8. The method of claim 1, wherein the method is applied to a terminal, which is installed with a video application; the acquiring the text comprises:

responding to the video application starting, and acquiring an input URL address at the video application;

and determining a page indicated by the URL address, and analyzing a text from the page.

9. The method of claim 1, wherein the obtaining and playing the audio corresponding to the sentence comprises:

and inputting the sentence into the trained audio synthesis model to obtain the audio output from the audio synthesis model, and taking the audio as the audio corresponding to the sentence.

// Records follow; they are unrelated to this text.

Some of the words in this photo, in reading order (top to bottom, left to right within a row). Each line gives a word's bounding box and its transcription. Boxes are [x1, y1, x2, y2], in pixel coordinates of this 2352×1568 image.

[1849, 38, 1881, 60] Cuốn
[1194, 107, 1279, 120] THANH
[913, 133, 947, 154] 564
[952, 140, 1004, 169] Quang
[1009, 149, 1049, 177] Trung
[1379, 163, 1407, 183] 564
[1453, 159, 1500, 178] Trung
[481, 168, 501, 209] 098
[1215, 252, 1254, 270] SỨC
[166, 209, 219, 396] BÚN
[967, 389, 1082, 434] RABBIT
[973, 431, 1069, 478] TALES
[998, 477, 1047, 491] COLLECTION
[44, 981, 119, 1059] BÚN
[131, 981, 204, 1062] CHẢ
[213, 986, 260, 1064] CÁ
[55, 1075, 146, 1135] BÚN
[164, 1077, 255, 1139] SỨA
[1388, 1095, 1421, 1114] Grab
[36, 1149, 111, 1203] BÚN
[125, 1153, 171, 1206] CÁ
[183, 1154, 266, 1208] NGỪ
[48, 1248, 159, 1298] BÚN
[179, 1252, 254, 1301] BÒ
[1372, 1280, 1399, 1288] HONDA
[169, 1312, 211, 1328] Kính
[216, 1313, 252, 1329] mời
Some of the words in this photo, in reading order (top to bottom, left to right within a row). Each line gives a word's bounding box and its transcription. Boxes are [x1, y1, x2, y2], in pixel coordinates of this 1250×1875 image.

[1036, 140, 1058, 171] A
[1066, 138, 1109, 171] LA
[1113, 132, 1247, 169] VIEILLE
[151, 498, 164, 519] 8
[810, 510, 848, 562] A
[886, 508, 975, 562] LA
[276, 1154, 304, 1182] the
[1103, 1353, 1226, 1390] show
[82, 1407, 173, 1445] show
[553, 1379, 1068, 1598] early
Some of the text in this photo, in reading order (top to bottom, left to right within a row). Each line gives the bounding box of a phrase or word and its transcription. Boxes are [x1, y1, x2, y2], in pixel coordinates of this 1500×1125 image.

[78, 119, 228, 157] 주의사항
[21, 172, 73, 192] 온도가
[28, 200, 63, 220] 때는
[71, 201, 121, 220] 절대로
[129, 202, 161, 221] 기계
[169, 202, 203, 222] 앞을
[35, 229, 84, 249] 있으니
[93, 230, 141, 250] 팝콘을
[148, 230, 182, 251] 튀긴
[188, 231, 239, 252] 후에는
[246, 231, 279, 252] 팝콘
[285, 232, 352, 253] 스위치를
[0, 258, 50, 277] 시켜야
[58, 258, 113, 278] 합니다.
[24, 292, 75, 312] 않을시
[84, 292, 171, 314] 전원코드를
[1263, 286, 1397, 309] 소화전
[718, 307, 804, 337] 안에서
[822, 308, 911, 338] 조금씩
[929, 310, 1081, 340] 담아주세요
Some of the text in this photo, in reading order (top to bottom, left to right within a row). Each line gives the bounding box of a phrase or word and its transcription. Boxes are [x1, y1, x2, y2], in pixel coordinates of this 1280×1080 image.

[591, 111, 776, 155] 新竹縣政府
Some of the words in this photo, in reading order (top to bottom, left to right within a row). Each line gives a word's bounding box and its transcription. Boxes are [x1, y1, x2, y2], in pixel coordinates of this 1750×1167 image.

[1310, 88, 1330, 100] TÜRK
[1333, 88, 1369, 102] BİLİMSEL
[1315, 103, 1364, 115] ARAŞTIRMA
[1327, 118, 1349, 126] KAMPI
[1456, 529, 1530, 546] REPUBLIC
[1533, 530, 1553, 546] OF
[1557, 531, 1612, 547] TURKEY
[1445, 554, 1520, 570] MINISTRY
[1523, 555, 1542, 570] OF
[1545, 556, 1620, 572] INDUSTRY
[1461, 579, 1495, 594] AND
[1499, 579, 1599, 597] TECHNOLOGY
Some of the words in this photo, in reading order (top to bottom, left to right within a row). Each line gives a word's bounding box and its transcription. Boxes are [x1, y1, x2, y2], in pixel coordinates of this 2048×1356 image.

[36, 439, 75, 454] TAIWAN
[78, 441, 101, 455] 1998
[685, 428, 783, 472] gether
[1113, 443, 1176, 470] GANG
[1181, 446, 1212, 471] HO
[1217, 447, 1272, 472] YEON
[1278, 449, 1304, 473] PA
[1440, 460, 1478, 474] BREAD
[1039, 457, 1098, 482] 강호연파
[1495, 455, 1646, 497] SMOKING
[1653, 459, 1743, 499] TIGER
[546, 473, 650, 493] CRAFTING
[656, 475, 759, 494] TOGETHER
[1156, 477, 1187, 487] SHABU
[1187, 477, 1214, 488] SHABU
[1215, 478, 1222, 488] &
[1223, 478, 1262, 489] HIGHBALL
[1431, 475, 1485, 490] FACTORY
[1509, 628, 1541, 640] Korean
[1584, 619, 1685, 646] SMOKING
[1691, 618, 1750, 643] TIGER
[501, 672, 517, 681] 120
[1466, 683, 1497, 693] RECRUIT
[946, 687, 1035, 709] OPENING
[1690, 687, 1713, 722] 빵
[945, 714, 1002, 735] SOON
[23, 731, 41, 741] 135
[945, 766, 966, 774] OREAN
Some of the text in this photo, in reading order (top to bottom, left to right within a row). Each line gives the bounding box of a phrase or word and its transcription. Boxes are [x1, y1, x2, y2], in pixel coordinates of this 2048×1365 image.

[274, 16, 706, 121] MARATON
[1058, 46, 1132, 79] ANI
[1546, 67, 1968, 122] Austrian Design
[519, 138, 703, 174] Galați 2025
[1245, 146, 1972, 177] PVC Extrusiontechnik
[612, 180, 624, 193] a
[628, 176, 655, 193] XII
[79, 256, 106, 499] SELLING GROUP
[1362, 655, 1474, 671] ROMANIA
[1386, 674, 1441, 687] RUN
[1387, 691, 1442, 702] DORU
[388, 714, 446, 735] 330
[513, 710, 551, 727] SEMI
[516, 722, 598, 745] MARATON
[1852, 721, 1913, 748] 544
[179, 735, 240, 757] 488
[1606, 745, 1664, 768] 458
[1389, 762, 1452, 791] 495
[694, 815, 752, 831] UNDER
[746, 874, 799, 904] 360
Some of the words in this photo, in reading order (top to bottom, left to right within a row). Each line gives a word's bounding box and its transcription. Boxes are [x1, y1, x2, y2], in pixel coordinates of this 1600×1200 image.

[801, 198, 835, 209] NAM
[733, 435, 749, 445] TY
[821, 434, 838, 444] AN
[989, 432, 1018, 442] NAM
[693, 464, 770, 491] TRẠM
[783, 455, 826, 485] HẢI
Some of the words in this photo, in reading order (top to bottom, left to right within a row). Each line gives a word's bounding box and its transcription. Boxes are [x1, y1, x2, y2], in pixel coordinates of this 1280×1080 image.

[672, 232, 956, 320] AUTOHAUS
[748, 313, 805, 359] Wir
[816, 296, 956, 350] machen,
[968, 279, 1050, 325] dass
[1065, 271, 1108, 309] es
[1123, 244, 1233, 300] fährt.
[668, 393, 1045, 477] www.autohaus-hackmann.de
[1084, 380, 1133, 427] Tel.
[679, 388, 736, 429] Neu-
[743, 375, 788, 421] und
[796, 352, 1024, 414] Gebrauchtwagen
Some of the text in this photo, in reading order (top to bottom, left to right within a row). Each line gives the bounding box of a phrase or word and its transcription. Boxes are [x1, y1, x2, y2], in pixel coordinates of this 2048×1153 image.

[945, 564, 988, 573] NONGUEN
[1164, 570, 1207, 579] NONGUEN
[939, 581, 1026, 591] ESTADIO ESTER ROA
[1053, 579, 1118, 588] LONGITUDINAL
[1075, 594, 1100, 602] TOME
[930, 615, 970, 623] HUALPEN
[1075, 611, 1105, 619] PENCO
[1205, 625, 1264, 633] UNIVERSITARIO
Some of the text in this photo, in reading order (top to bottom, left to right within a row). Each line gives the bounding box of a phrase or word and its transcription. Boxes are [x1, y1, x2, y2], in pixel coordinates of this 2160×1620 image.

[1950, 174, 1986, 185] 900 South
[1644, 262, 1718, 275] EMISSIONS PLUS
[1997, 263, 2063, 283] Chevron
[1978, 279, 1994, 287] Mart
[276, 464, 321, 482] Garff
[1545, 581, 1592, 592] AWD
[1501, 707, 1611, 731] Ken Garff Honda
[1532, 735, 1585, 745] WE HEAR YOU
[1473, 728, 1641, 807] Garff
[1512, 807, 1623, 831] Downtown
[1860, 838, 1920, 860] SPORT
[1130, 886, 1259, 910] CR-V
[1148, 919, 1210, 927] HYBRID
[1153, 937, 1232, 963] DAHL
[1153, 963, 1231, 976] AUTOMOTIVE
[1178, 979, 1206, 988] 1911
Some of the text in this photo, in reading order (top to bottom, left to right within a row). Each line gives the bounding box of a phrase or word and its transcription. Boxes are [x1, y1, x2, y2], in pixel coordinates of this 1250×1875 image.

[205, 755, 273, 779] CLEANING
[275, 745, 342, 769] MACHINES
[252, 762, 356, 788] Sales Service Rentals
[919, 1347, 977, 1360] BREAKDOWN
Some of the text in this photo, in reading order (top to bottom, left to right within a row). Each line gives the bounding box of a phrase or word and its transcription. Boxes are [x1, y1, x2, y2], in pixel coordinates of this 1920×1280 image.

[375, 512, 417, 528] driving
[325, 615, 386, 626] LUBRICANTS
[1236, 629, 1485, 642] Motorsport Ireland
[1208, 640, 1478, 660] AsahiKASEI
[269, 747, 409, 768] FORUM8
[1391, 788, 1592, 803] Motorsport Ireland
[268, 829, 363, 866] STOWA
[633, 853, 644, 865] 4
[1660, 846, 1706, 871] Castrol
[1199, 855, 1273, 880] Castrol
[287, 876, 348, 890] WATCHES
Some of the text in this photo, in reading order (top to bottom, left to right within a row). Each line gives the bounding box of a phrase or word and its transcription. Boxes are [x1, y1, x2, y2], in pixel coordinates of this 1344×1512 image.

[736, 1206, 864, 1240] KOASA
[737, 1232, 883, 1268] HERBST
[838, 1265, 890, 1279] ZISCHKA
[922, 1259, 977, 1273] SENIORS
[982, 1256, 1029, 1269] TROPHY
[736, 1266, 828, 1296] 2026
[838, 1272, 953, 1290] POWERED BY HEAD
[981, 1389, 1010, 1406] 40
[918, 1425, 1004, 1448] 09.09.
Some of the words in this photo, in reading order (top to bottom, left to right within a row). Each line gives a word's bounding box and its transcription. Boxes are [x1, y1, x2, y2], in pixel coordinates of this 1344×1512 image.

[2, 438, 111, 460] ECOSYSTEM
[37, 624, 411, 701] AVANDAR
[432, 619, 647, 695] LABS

10. An electronic device, comprising:

at least one processor; and

a memory communicatively coupled to the at least one processor; wherein the content of the first and second substances,

the memory stores instructions executable by the at least one processor to enable the at least one processor to perform the method of any one of claims 1-9.

11. A non-transitory computer readable storage medium having stored thereon computer instructions for causing the computer to perform the method of any one of claims 1-9.